---- SUPPLIED RECORDS

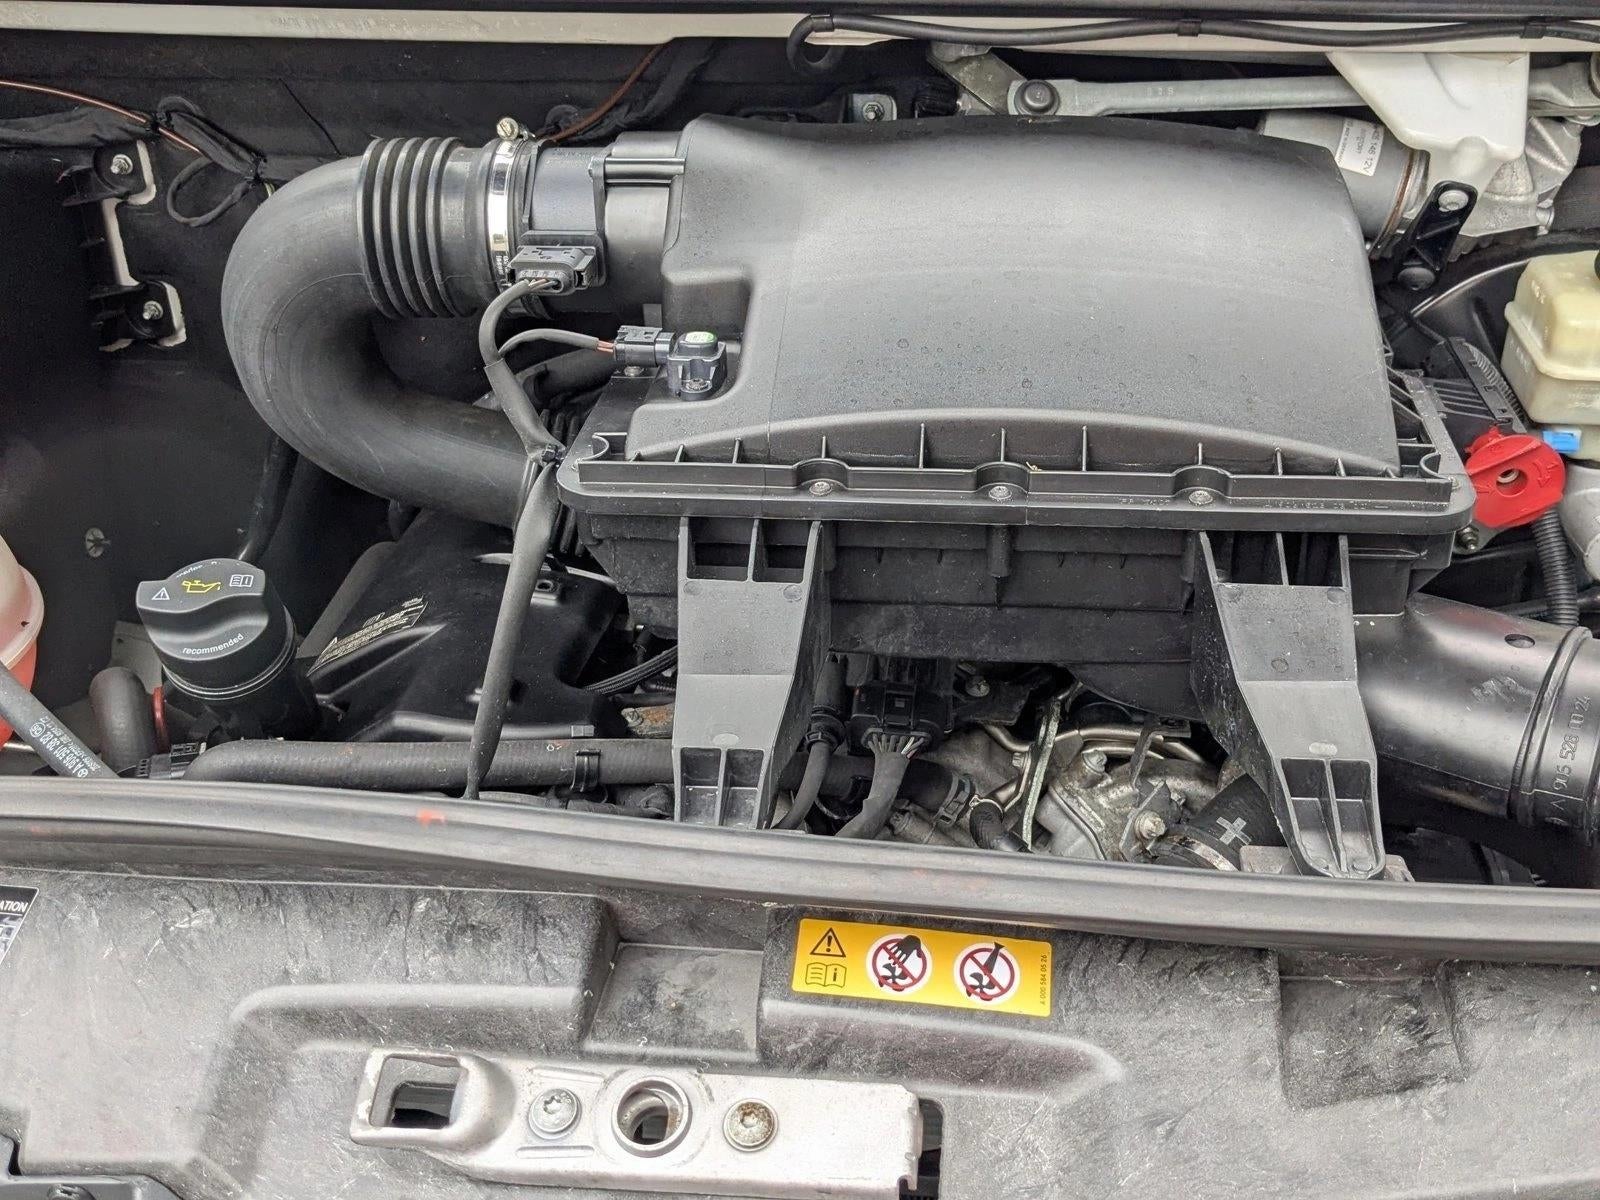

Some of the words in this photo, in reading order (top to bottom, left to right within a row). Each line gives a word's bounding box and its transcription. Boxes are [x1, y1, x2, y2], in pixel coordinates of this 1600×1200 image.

[182, 633, 244, 655] recommended
[53, 745, 71, 761] 501
[1558, 733, 1580, 761] 528
[63, 752, 77, 770] 906
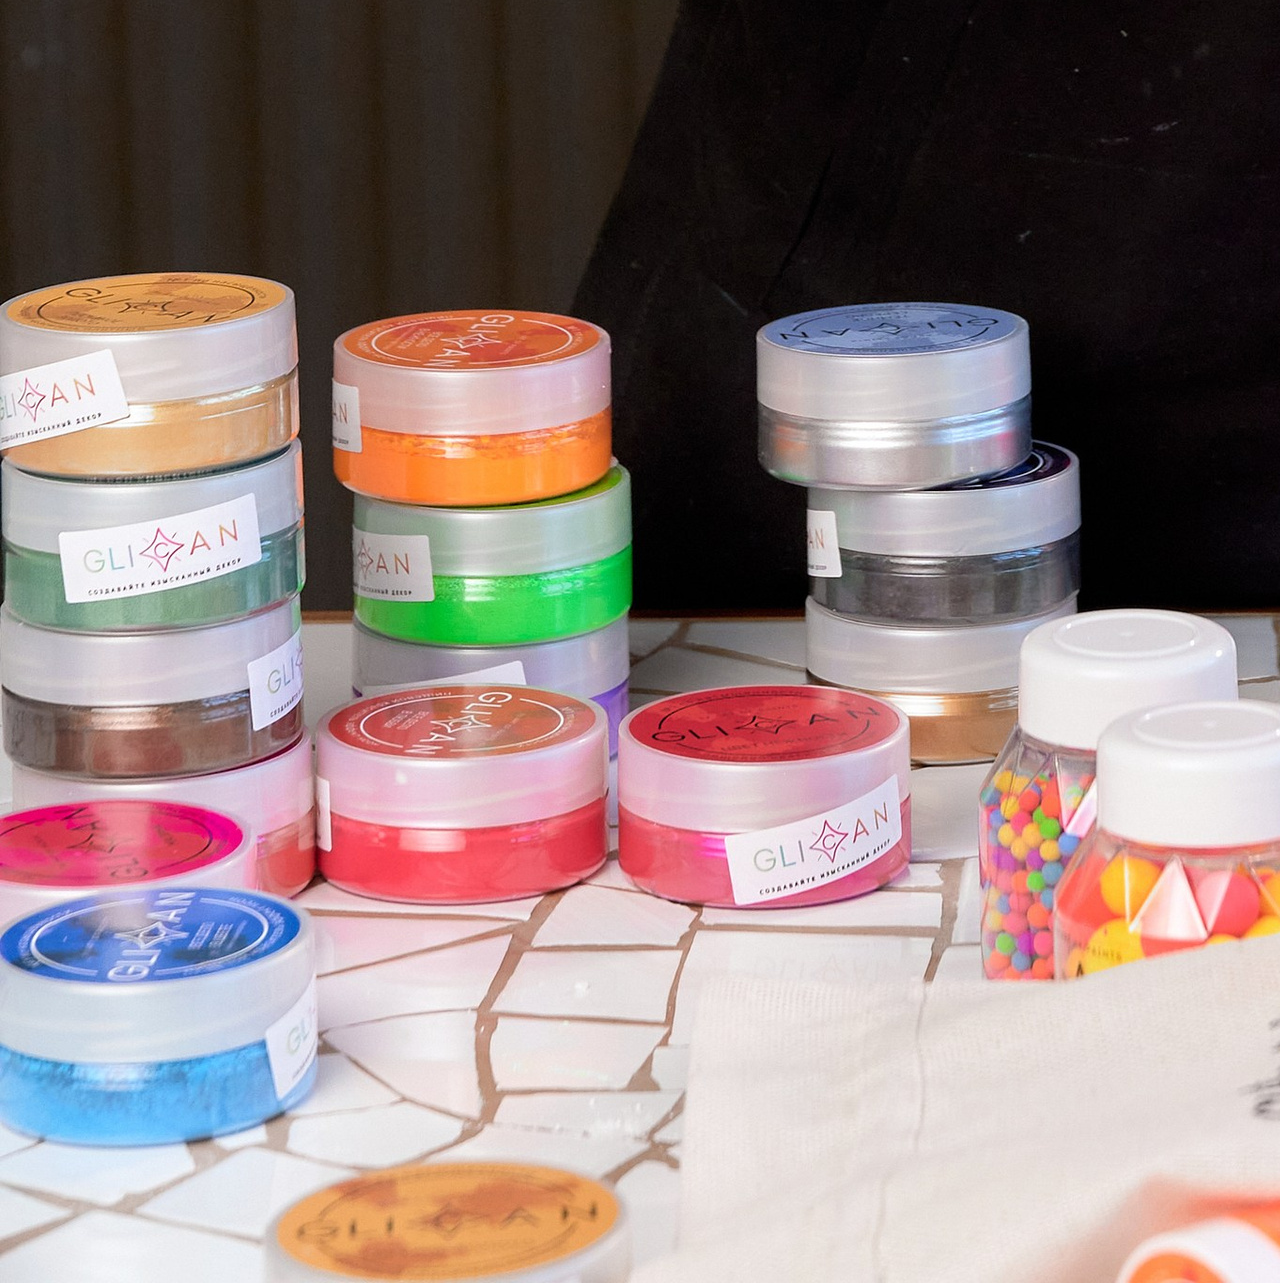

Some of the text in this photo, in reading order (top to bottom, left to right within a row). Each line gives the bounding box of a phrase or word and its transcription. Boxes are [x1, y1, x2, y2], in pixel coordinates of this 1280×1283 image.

[83, 520, 238, 573] GLICAN
[88, 557, 242, 596] СОЗДАВАЙТЕ ИЗЫСКАННЫЙ ДЕКОР
[753, 802, 888, 872] GLICAN
[759, 877, 815, 895] СОЗДАВАЙТЕ
[820, 852, 870, 878] ИЗЫСКАННЫЙ
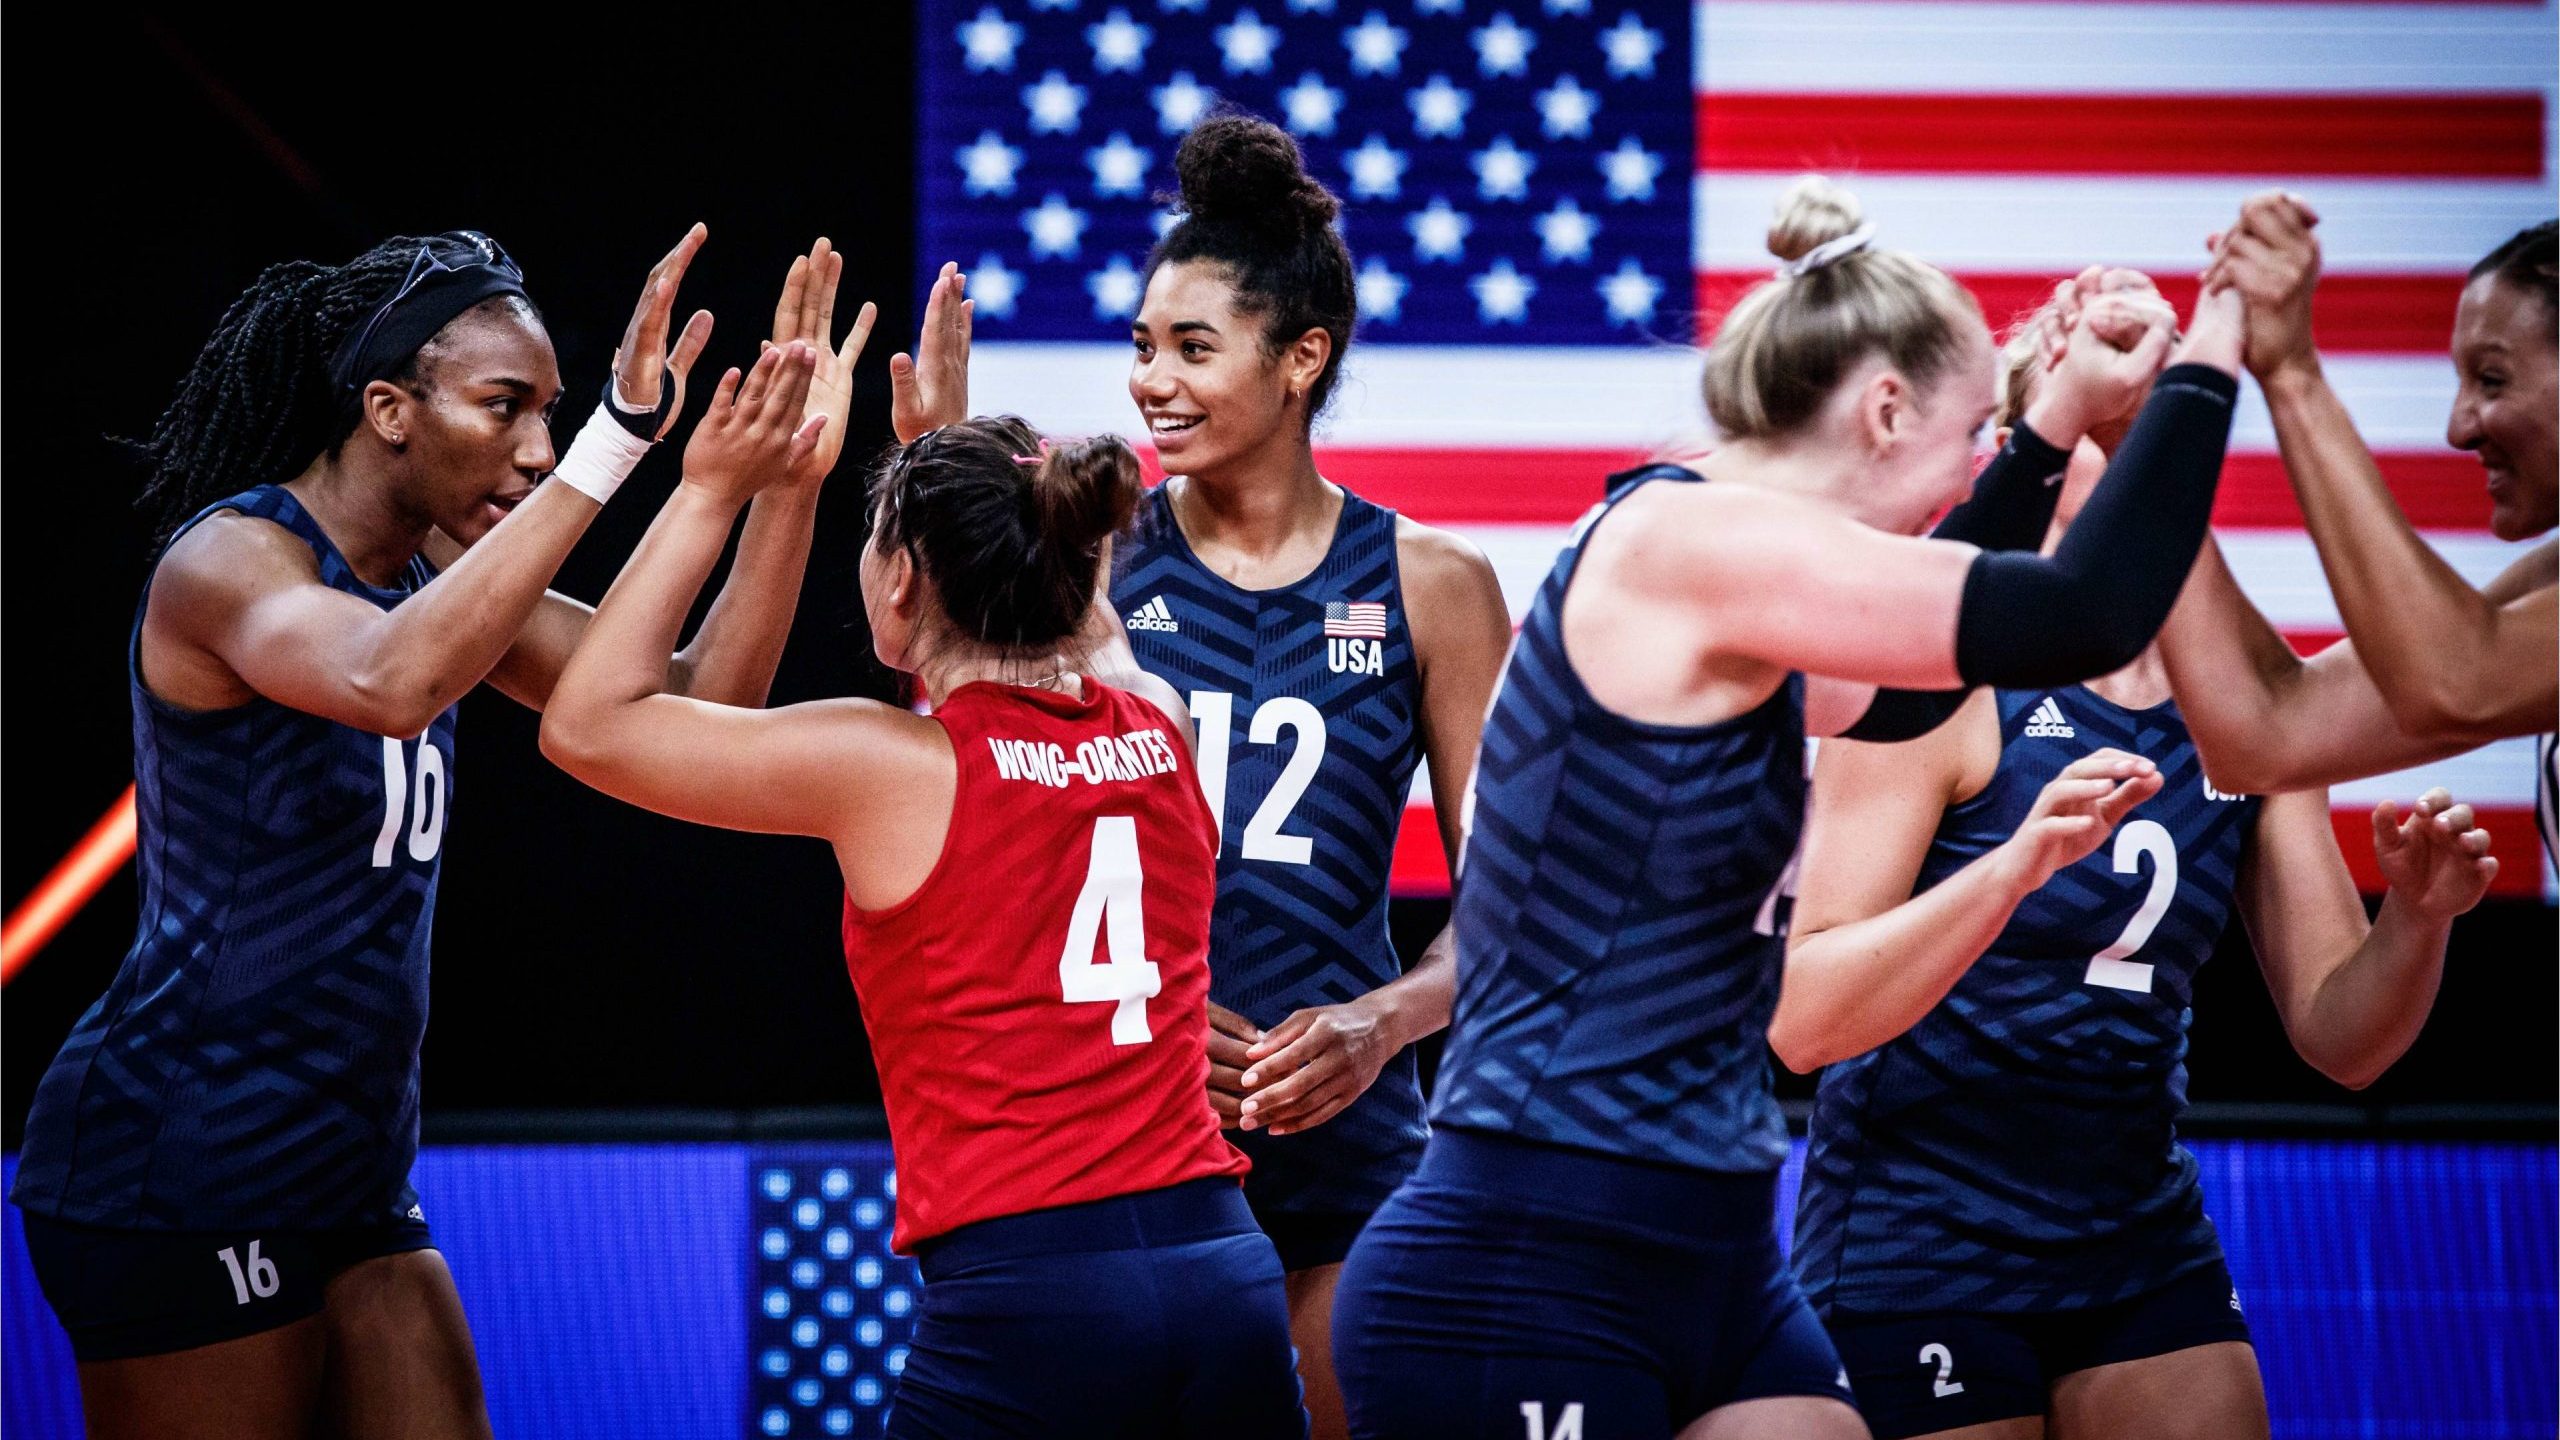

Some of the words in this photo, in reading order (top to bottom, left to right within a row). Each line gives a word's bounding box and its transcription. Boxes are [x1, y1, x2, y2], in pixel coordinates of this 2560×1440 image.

[1126, 615, 1178, 633] adidas
[1328, 638, 1384, 677] USA
[2024, 722, 2075, 738] adidas
[372, 726, 445, 868] 16
[1189, 690, 1327, 866] 12
[1059, 816, 1162, 1046] 4
[2084, 819, 2178, 994] 2
[217, 1239, 280, 1305] 16
[1919, 1342, 1965, 1398] 2

--------

EXERCISE> In the answer, please give only the lines from the line containing "this 2560×1440 image." through the final line of the data, copied exactly.

YOUR RESPONSE>
Some of the words in this photo, in reading order (top to bottom, left to right within a row). Each line gives a word's bounding box and its transcription. Boxes are [x1, y1, x2, y2], in pixel coordinates of this 2560×1440 image.

[1126, 615, 1178, 633] adidas
[1328, 638, 1384, 677] USA
[2024, 722, 2075, 738] adidas
[372, 726, 445, 868] 16
[1189, 690, 1327, 866] 12
[1059, 816, 1162, 1046] 4
[2084, 819, 2178, 994] 2
[217, 1239, 280, 1305] 16
[1919, 1342, 1965, 1398] 2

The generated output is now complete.